I have been looking forward to seeing Lincoln since the beginning of the year for a number of reasons. For one, it is directed by my favorite director, Steven Spielberg. Also, it stars Daniel Day Lewis, one of my favorite actors, as Abraham Lincoln, my favorite president. Needless to say, this has been on top of my to-see-list for a while, and now that I have seen it, what’s the final verdict? It’s merely fantastic.
I have always been an avid lover of Steven Spielberg. While dropping a few bombs, the number of them compared his successful outings are likened to an ant with a mountain. Known for masterpieces such as Jaws, E.T., and Minority Report, and some lesser in quality but still fantastic films like Munich and War Horse, Spielberg is certainly the icon for modern filmmaking. So where does Lincoln fall on the Spielberg meter? I would say it ranks just above the really good category, but falls short of being an American masterpiece.
Getting just a little in depth with the plot of Lincoln, it is unlike most historical biopic because instead of focusing on a lifelong array of events in a persons life, it focuses on the final few months of Lincoln’s life. More importantly, the film focuses mainly on the politics and backroom debates involved in the passing of the thirteenth amendment. That is the entire plot of the film and the results are very good; at least as good as it can ever be.

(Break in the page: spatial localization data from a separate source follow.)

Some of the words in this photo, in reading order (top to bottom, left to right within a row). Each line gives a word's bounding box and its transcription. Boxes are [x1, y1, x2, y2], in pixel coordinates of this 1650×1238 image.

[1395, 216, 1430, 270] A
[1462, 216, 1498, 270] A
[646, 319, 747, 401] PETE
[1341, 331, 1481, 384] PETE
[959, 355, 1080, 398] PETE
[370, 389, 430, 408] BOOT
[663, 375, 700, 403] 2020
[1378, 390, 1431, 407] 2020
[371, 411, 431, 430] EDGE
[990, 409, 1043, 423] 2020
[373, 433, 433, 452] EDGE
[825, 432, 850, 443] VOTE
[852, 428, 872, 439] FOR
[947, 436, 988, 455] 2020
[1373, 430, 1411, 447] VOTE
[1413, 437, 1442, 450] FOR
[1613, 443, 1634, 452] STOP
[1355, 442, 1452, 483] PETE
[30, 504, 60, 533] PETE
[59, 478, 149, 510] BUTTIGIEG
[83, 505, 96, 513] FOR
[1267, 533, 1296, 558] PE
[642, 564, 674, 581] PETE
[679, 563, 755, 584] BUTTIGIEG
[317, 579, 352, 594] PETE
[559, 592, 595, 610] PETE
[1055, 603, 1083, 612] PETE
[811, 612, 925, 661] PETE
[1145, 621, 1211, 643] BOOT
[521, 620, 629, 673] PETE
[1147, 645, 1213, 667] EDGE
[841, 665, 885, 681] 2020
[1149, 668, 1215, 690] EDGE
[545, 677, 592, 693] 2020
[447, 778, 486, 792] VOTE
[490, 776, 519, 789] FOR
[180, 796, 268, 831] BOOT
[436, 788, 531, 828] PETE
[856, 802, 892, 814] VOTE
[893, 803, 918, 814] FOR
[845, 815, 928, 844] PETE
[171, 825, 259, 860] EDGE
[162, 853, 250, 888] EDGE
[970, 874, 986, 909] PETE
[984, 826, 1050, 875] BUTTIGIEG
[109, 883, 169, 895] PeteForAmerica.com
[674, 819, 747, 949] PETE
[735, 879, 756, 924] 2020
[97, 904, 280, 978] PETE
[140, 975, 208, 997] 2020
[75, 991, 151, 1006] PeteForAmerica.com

The film, while not a masterpiece, is certainly very, very good in almost every aspect. The performances are probably the most impressive aspect of the entire film. Daniel Day Lewis gives an Oscar worthy performance as Abraham Lincoln, capturing everything to the last detail, whether it be the powerful vocal performance or the look of the president that is impeccably portrayed. Lewis, thanks to the makeup artists, looks absolutely identical to Lincoln, and he takes everything I’ve ever though about the late president and splashes it all onto the screen in a sincere and incredibly accurate manner. Mary Todd Lincoln, wife of Abe, is portrayed by a terrific Sally Field, who, while certainly a little old for the role, is heartfelt and, well, just great when her time comes. The biggest surprise in the film is Tommy Lee Jones, who gives one of the best performances of his career, maybe even Oscar worthy, and is hilariously impacting. The supporting cast also includes Jackie Earle Haley, Joseph Gordon Levitt, Hal Holbrook, a comedic Tim Blake Nelson, and even a strong performance from David Strathairn.

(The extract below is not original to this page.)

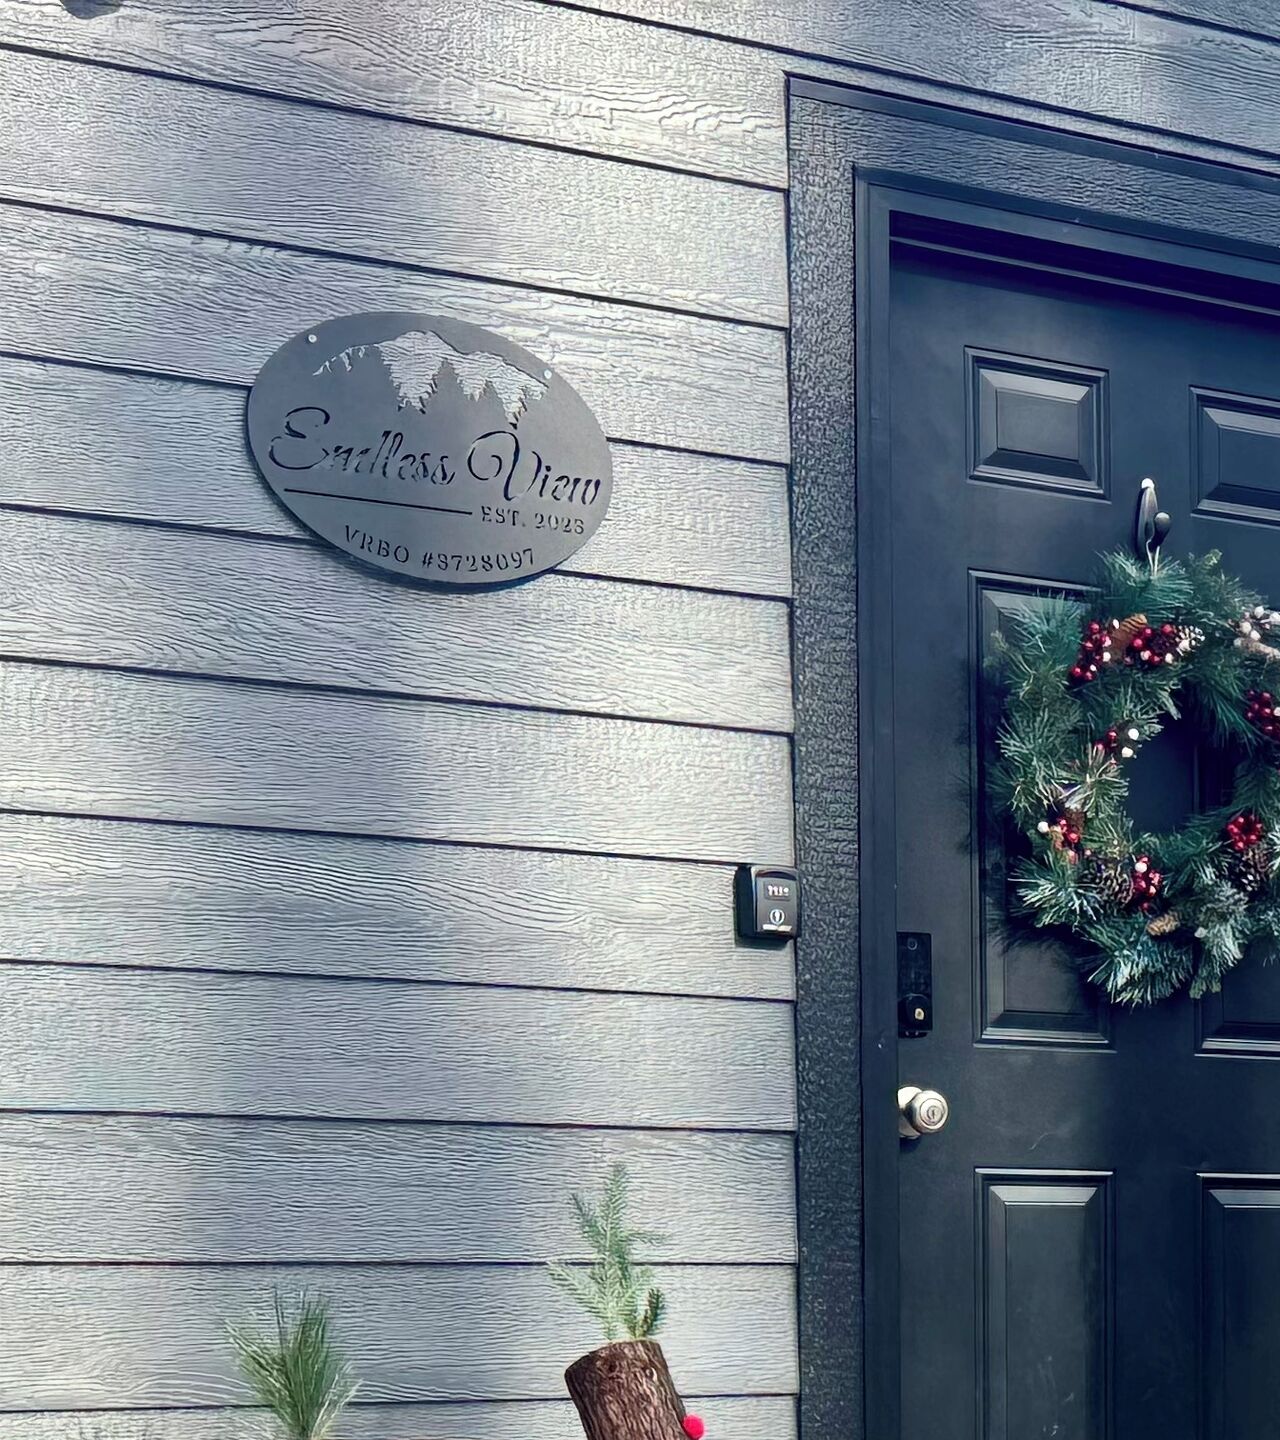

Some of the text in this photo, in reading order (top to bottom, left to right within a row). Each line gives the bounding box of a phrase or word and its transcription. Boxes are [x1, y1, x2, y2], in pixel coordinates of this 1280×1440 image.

[268, 406, 601, 505] Endless View
[481, 505, 526, 527] EST.
[345, 524, 410, 564] VRBO

The film, based on the book Team of Rivals: the Political Genius of Abraham Lincoln by Doris Kearns Goodwin, is adapted to the screen with utmost skill by John Logan and Tony Kushner, offering some spectacular dialogue among characters that capture the essence of the period of the events. Spielberg, who is obviously the best choice to direct this material, directs it with magnificent results. Everything from the opening shot portraying hope in the midst of war to the gorgeous imagery of Lincoln standing in the center of beautiful lighting are of perfect magnitude. As in most Spielberg films, the sweeping score by John Williams is sometimes soothing and sometimes intense, providing more evidence that he is one of the most influential music composers in Hollywood.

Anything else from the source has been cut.